Review First Posted: 5/16/2001

We've begun including links in our reviews to a Thumber-generated index page for our test shots. The Thumber data includes a host of information on the images, including shutter speed, ISO setting, compression setting, etc. Rather than clutter the page below with *all* that detail, we're posting the Thumber index so only those interested in the information need wade through it! ;)


Outdoor portrait: (620 k)
The extreme tonal range of this image makes it a tough shot for many digicams, which is precisely why we set it up this way. The object is to hold highlight and shadow detail without producing a "flat" picture with muddy colors, and the Canon A10 does a good job. We shot samples of this image with the automatic (620 k) and daylight (606 k) white balance settings, choosing the automatic setting for our main series. The daylight setting produced a warm image, with a magenta cast in the house siding and in the model's skin tones. Overall color balance appeared more accurate with the automatic white balance. Skin tones are quite natural, although we did notice a slight magenta tint. The blue flowers in the bouquet look very good, with just the slightest hint of purple here and there in their petals. (These blues are hard for many digicams to accurately reproduce, so the A10 performs nicely.) The red flower is very bright, with a soft halo that loses some detail. Resolution looks pretty good for a 1.3 megapixel camera, with a fair amount of fine detail visible in the image, particularly in the flower bouquet. The shadow areas also show good detail, with low noise. We achieved the best exposure with a +0.6 EV adjustment, which only slightly overexposed the highlight areas. Overall, a very nice job! The table below shows the results of a range of exposure settings from zero to +1.0 EV.

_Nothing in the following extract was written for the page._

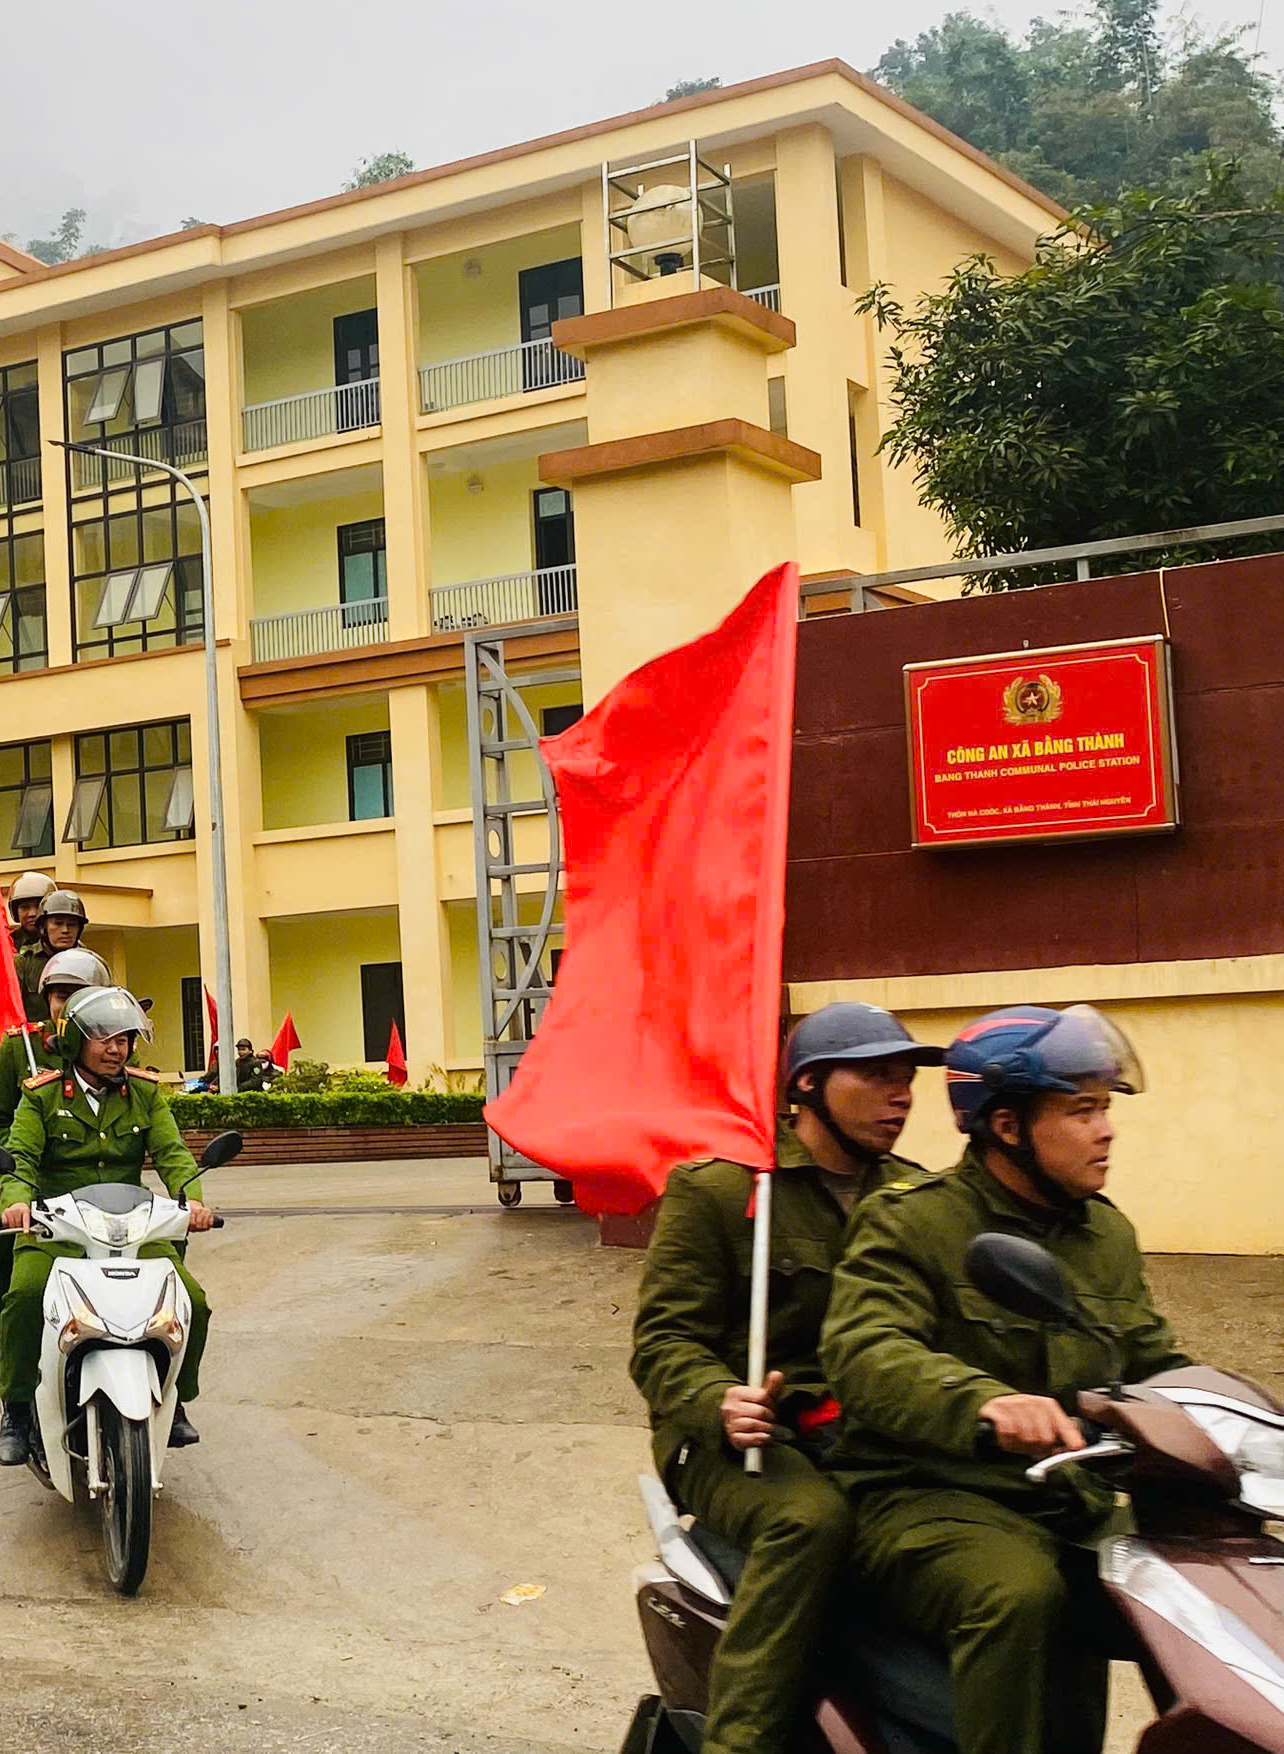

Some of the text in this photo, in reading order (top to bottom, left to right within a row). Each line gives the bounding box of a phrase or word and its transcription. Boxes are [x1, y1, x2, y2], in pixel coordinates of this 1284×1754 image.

Exposure Compensation Settings:
0 EV
1/ 250
F/ 11
(627 k)
0.3 EV
1/ 200
F/ 11
(600 k)
0.6 EV
1/ 160
F/ 11
(620 k)
1.0 EV
1/ 125
F/ 11
(588 k)



 
Closer portrait: (629 k)
The A10 again performs well with this closer, portrait shot, thanks to its 3x lens. (Shorter focal length lenses tend to distort facial features in close-up shots like this and the availability of longer focal lengths is a key feature if you're going to be shooting close-up people shots.) We continued with the automatic white balance setting, which produced a good overall color balance. Resolution is higher in this shot, with more fine detail visible in the model's hair and face. Noise remains low in the shadow areas, and is also noticeable in the house siding. Our main shot was taken with no exposure adjustment at all, as this shot generally requires less exposure compensation than the wider, Outdoor Portrait. The table below shows the results of a range of exposure settings from zero to +1.0 EV.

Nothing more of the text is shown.